Sequential series of the mesencephalic aqueduct (A–C) and the craniocervical junction (D–F) time-spatial inversion pulse images of a 2.8-kg, 9-year-old Yorkshire Terrier dog. On each panel, blue and red lines indicate the rostral and caudal edges of the tagged area (tag). (A) Roman numbers indicate the observation points of cerebrospinal fluid (CSF) flow on the mesencephalic aqueduct (MA) time-spatial labeling inversion pulse (time-SLIP) images [I: third ventricle, II: subarachnoid space (SAS) ventral to the frontal lobe of the cerebrum, III: MA, IV: ventral brainstem SAS]. The CSF inside the tag is shown as hyperintensity (white), while those outside the tag (non-tagged area) are shown as hypointense (black). (B, C) CSF outside the tag (indicated by white arrows) is shown as white, compared to A, which indicates that the tagged CSF flows out of the tag during inversion time (TI) (flow-out).
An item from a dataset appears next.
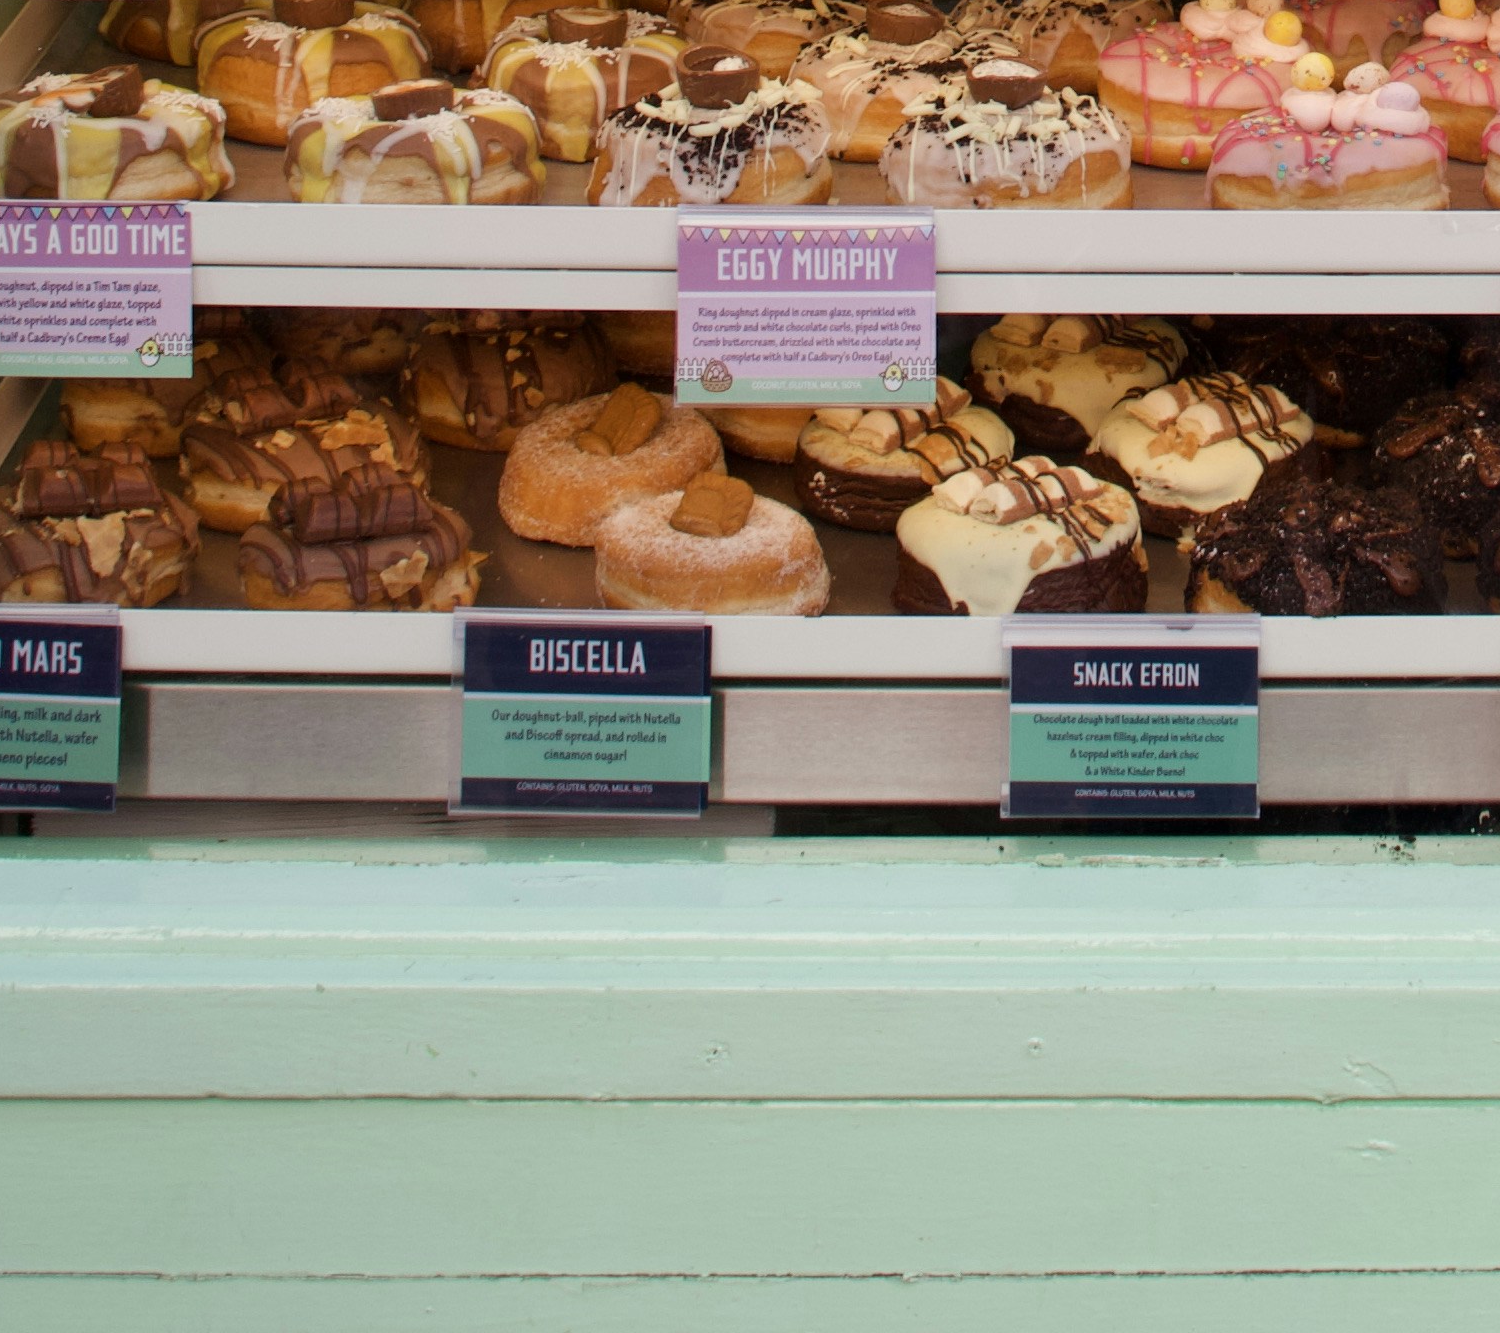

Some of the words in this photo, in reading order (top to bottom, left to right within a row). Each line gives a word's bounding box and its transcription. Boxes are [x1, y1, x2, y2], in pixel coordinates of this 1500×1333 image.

The CSF inside the tag (indicated by black arrows) is shown in black compared to A, indicating that non-tagged CSF flows into the tag during TI (flow-in). The signals of the CSF in the remaining observation points do not change compared to A, indicating that the CSF in these areas does not flow during TI. (D) Roman numbers indicate the observation points of CSF flow on the craniocervical junction time-SLIP images [V: fourth ventricle, VI: ventral brainstem SAS, VII: dorsal cervical SAS, VIII: ventral cervical SAS]. (E, F) White or black arrows indicate flow-out or flow-in CSF flow, as (B, C), respectively.

Fig. 4.

Mean (A), maximum (B), and minimum (C) flow distance of cerebrospinal fluid on time-spatial labeling inversion pulse images. The mean and maximum flow distances were significantly greater in the SP/OP group than those in the SA/OP group. The maximum flow distance was significantly greater in the Sa/OP group than that in the SA/OP group. The flow was subjectively assessed as absent due to agreement of the evaluations among reviewers, while flow was objectively assessed as present in the SA/OP group; the flow was subjectively assessed as absent due to disagreement of evaluations among reviewers, while flow was objectively assessed as present in the Sa/OP group; and the flow was subjectively and objectively assessed as present in the SP/OP group. *: P<0.05, **: P<0.01.